Start of SOURCE MATERIAL
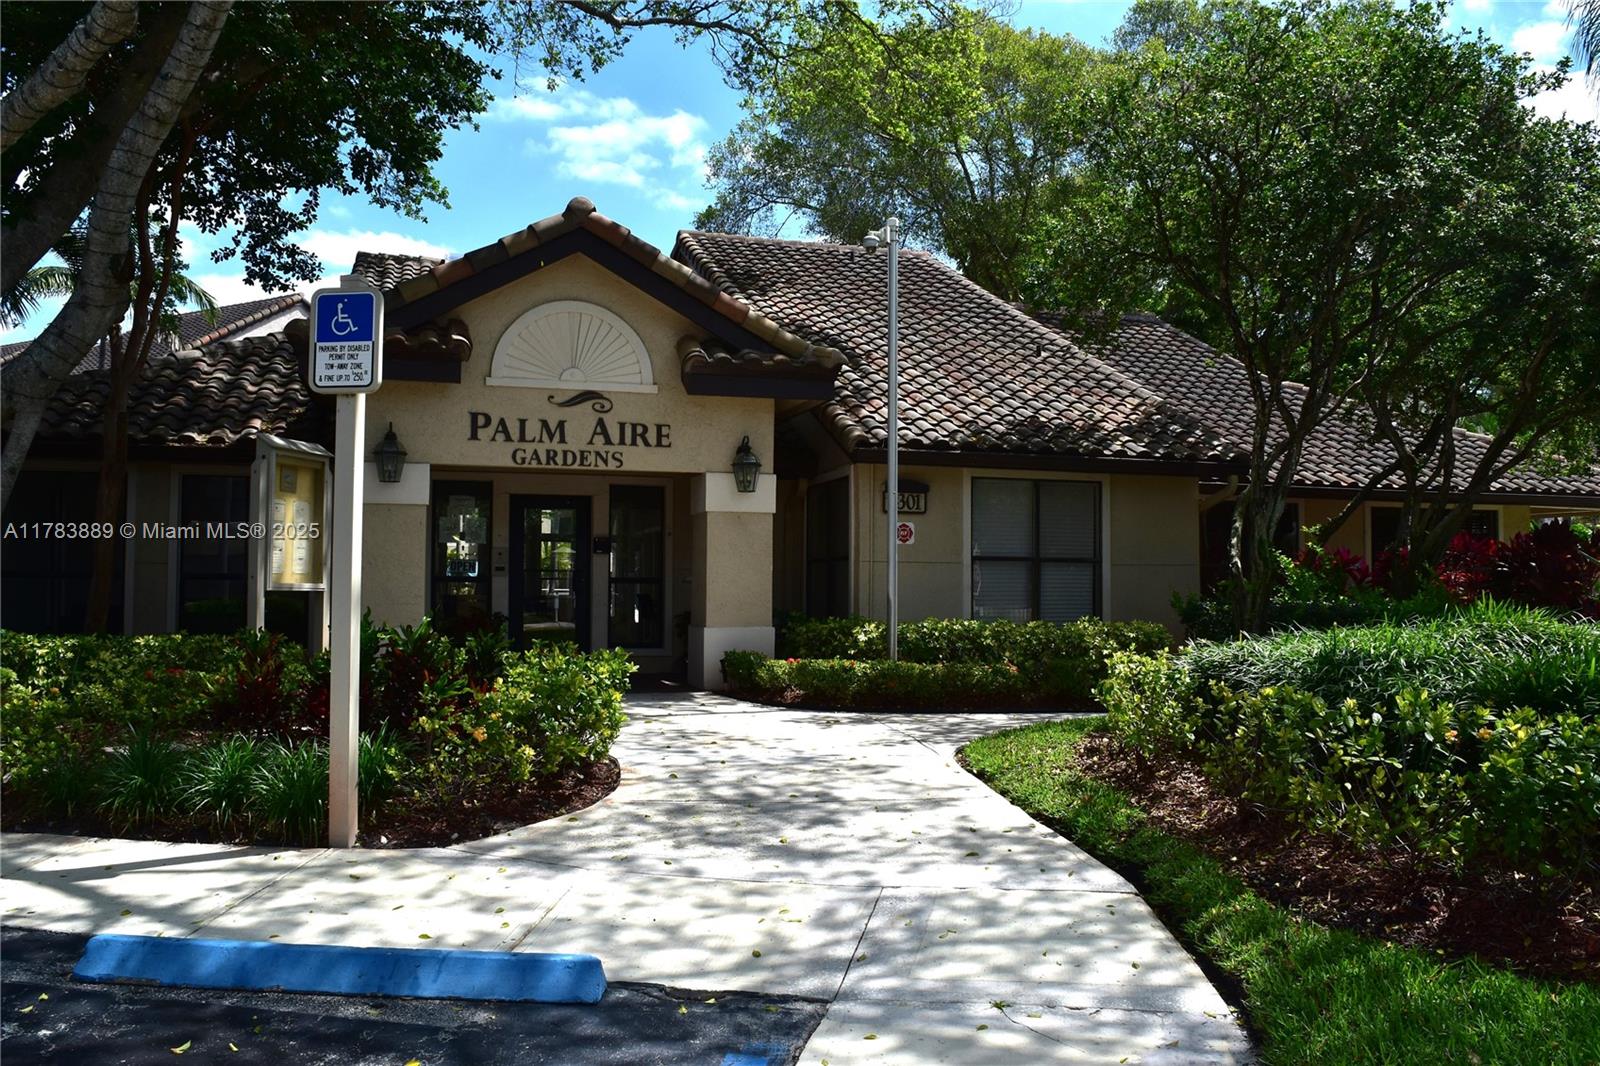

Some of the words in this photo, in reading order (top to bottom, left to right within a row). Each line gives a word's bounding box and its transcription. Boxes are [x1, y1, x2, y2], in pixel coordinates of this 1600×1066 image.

[347, 344, 370, 352] DISABLED
[325, 362, 348, 370] TOW-AWAY
[350, 362, 363, 370] ZONE
[336, 374, 343, 382] UP
[344, 374, 350, 382] TO
[468, 411, 568, 444] PALM
[587, 416, 672, 448] AIRE
[511, 448, 624, 468] GARDENS
[450, 561, 475, 572] OPEN
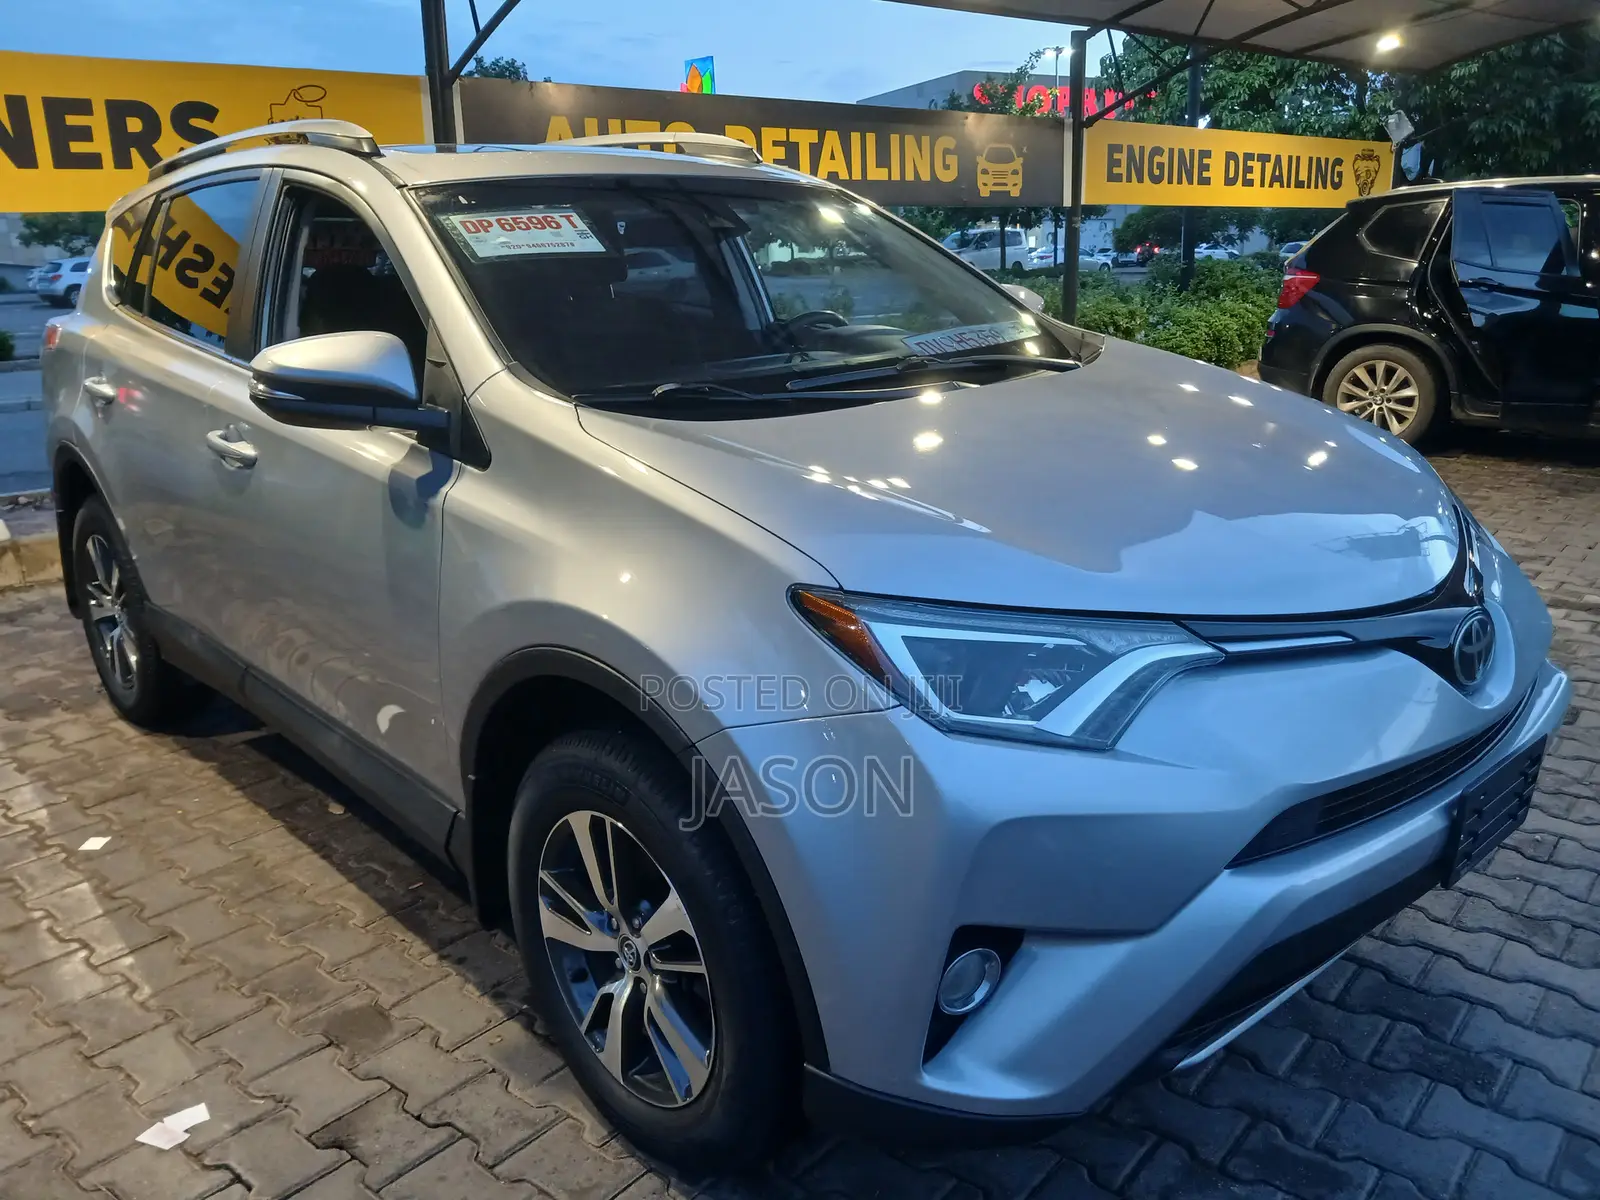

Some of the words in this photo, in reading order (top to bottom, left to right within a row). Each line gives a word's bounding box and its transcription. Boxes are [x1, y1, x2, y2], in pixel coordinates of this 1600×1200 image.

[1106, 143, 1212, 186] ENGINE
[1223, 150, 1344, 191] DETAILING
[458, 219, 494, 235] DP
[495, 214, 562, 233] 6596
[558, 214, 579, 229] T
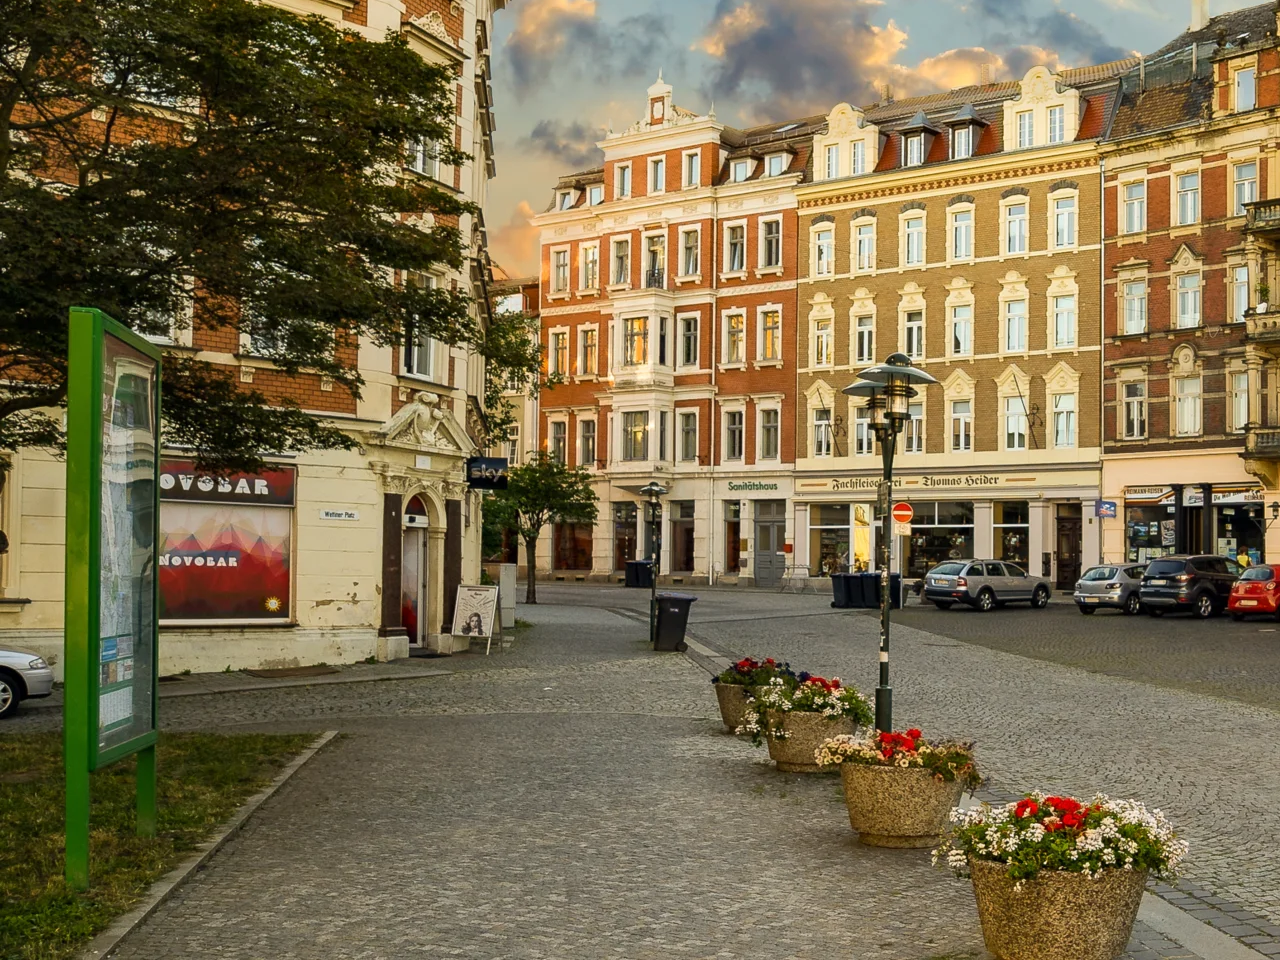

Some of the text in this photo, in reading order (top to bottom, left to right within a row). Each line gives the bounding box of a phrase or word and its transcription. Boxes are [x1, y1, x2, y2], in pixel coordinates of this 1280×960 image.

[471, 464, 504, 482] sky
[159, 473, 269, 495] OVOBAR
[728, 481, 778, 491] Sanitätshaus
[832, 475, 999, 491] Fachfleiscei Thomas Heider
[344, 511, 356, 519] Platz
[159, 554, 238, 567] NOVOBAR
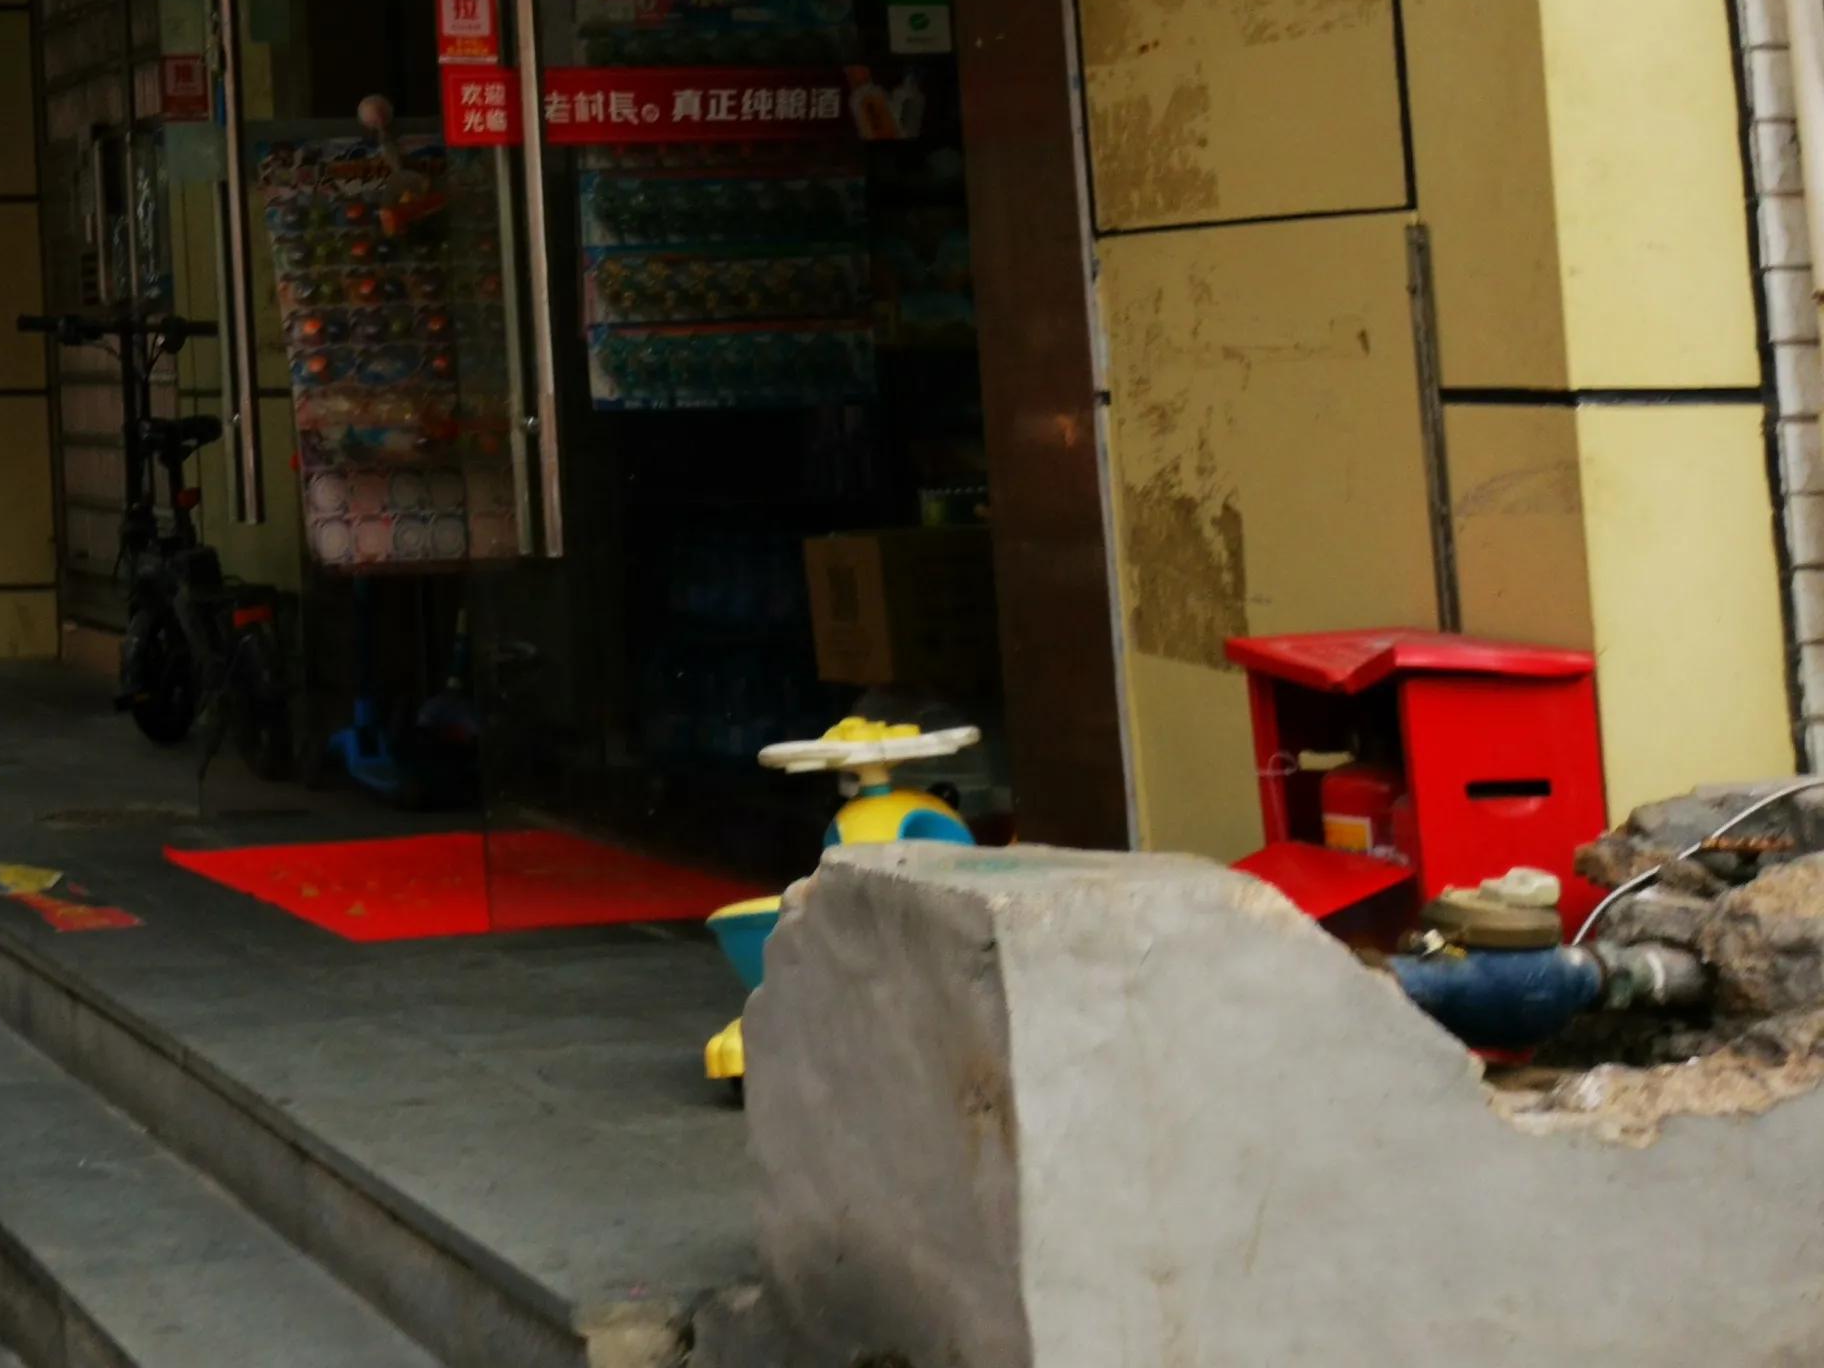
End of SOURCE MATERIAL
WORK REQUEST:
Please make an exact copy of the records, leaving out any picture.

SOLUTION FOR THIS PROBLEM:
Some of the words in this photo, in reading order (top to bottom, left to right within a row). Each line gives a word's bounding box and its transcription. Boxes are [x1, y1, x2, y2], in pixel coordinates of this 1600×1066 image.

[347, 344, 370, 352] DISABLED
[325, 362, 348, 370] TOW-AWAY
[350, 362, 363, 370] ZONE
[336, 374, 343, 382] UP
[344, 374, 350, 382] TO
[468, 411, 568, 444] PALM
[587, 416, 672, 448] AIRE
[511, 448, 624, 468] GARDENS
[450, 561, 475, 572] OPEN

Some of the words in this photo, in reading order (top to bottom, left to right within a row). Each line gives a word's bounding box and its transcription. Boxes are [x1, y1, x2, y2], in pixel coordinates of this 1600×1200 image.

[1106, 143, 1212, 186] ENGINE
[1223, 150, 1344, 191] DETAILING
[458, 219, 494, 235] DP
[495, 214, 562, 233] 6596
[558, 214, 579, 229] T

Some of the text in this photo, in reading order (top to bottom, left to right within a row). Each line gives the bounding box of a phrase or word and its transcription. Boxes are [x1, y1, x2, y2], in pixel coordinates of this 1280×960 image.

[471, 464, 504, 482] sky
[159, 473, 269, 495] OVOBAR
[728, 481, 778, 491] Sanitätshaus
[832, 475, 999, 491] Fachfleiscei Thomas Heider
[344, 511, 356, 519] Platz
[159, 554, 238, 567] NOVOBAR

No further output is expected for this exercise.